8. The giant pot produces incredible aromas.
Tatum: “Mmmmmm. I wish that you could take a picture of smell.”
10. Wort is a fabulous insulator. We were all done boiling (vigorously, BTW) and needed to drop the temp to around 70 so as not to kill the yeast we were about to pitch in there. We rigged up a little homemade heat exchanger in our fridge:
When I got up this a.m. everything looked happy and tidy in the carboy, so it must have gone okay.
Having listened to Tim and Linsey talk Horse & Dragon tanks and having chatted with at least one supplier, the time it takes to drop the temp to a yeast-friendly level on a more commercial system seems to be a big selling point. I am sincerely hoping this is because, as a business needing to sell your product, you just don’t want to wait eons for those 15 barrels to cool down. If it’s because there’s a pivotal effect on the flavor of the beer that you achieve through quick cooling of the wort to fermentation temp, our better-than-pie pumpkin ale might not live up to the descriptor.

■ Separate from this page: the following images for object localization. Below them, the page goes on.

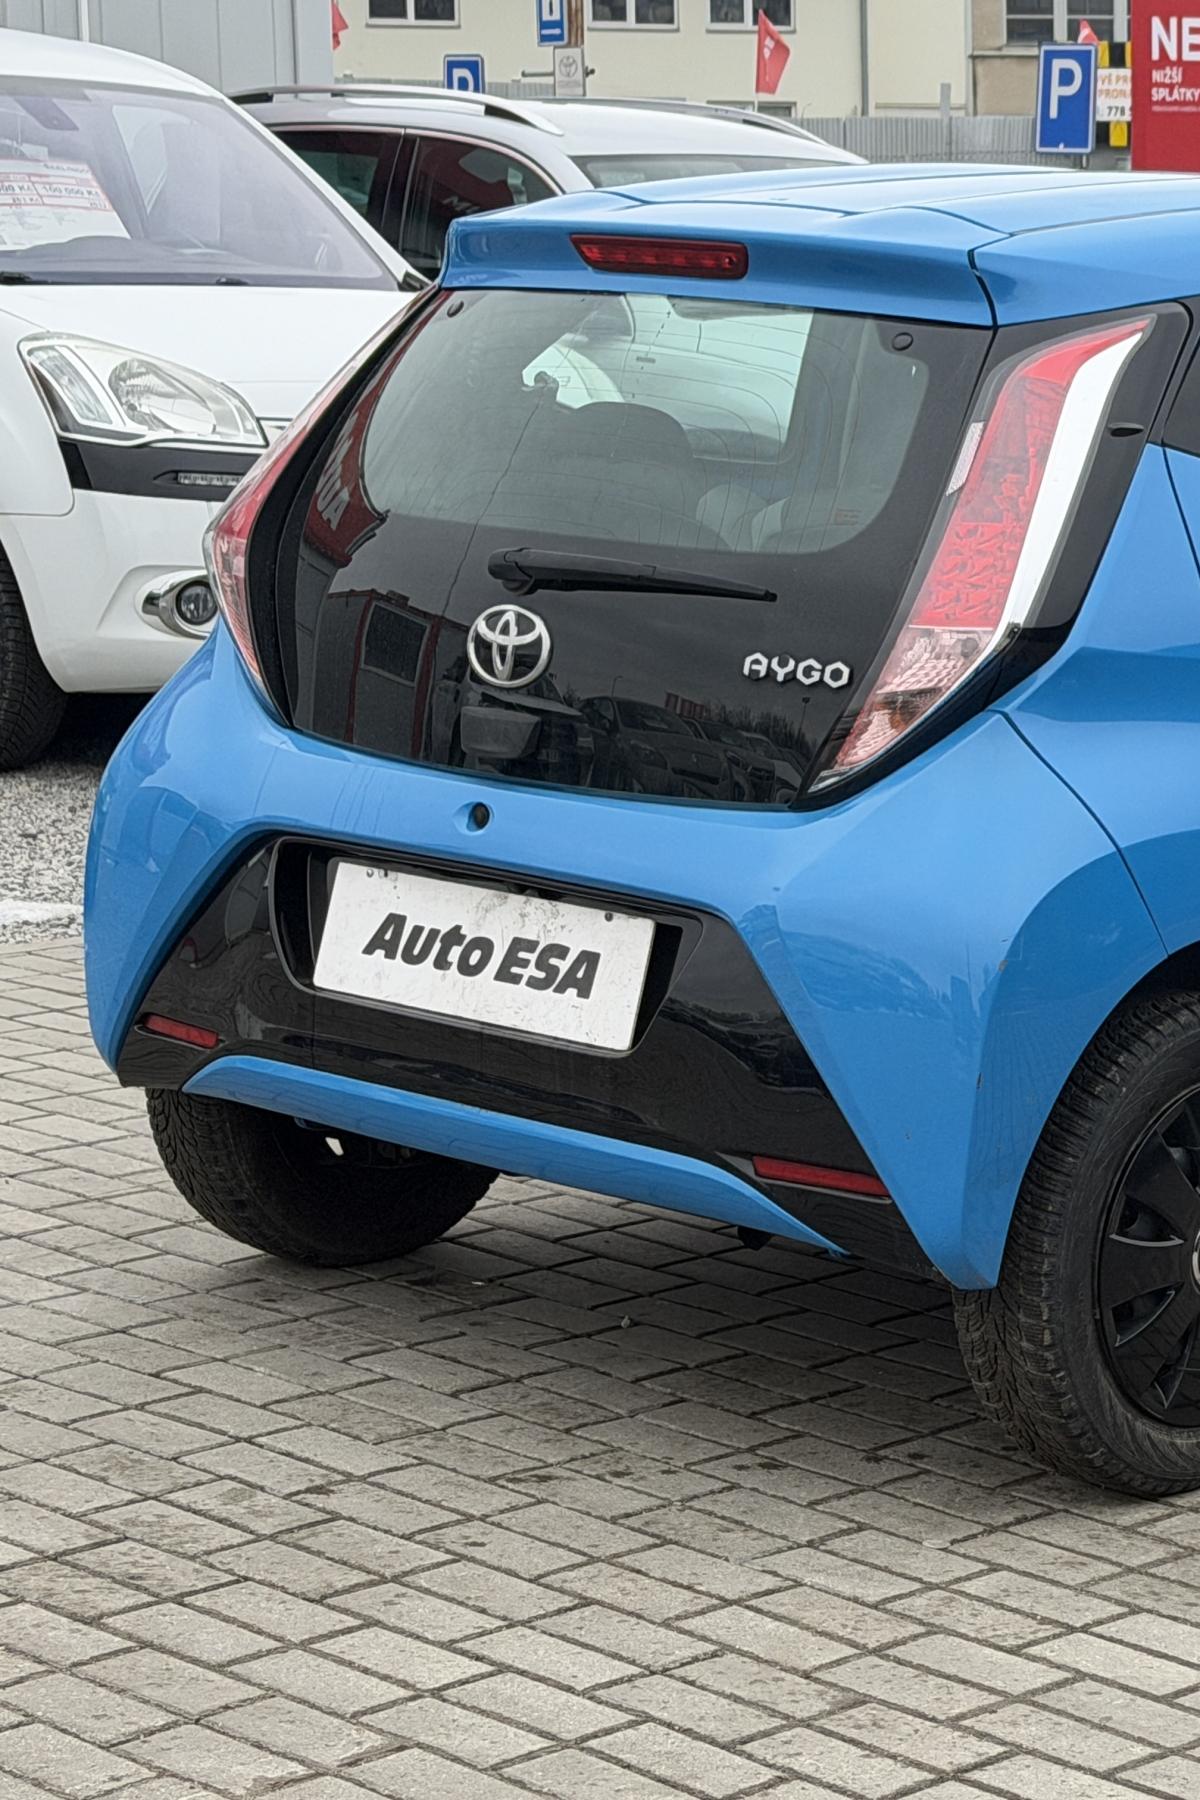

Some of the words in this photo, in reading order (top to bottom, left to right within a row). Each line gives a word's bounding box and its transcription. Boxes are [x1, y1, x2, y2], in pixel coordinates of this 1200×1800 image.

[1050, 58, 1083, 119] P
[1152, 66, 1182, 83] NIŽŠÍ
[1151, 84, 1200, 102] SPLÁTKY
[743, 652, 850, 688] AYGO
[361, 912, 494, 977] Auto
[493, 936, 601, 999] ESA
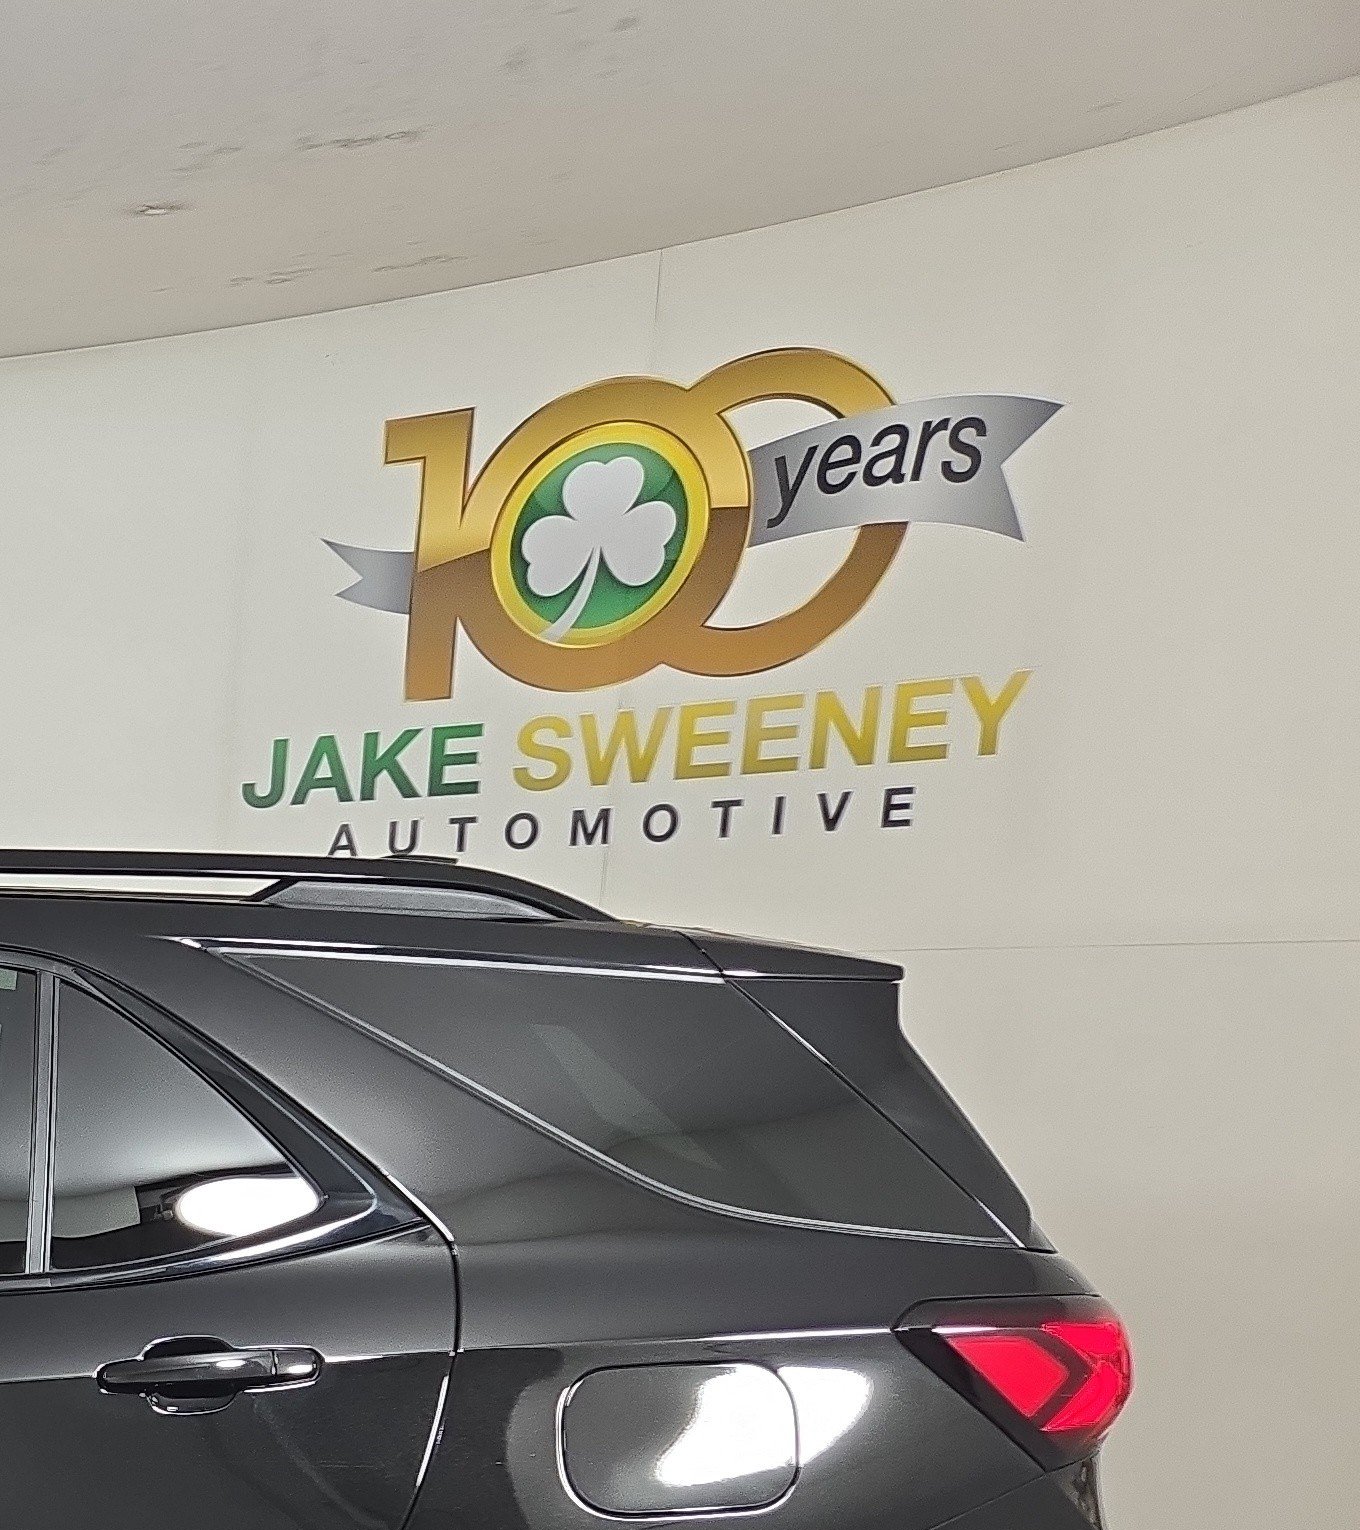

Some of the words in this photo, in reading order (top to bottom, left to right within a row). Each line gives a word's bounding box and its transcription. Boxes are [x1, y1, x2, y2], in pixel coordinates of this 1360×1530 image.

The upshot of all this is, I think we should brainstorm on some other applications for hot wort. It definitely should be in those mini-barrels around St. Bernards’ necks. I think it has potential in ski boot liners, SCUBA wetsuits, and waterbeds. Where else?
11. Wort is possibly the stickiest substance known to humankind. Heat this stuff up and Super Glue has got nothing on it. I know this because, as mentioned previously, we concluded our pot was too small. And we know THIS because:
12. Adding even just a small baggie of fresh hops grown on a close-as-family friend’s front door vine as part of your aroma hops is the best secret ingredient ever. Don’t tell me there’s not love in that Thanksgiving beer.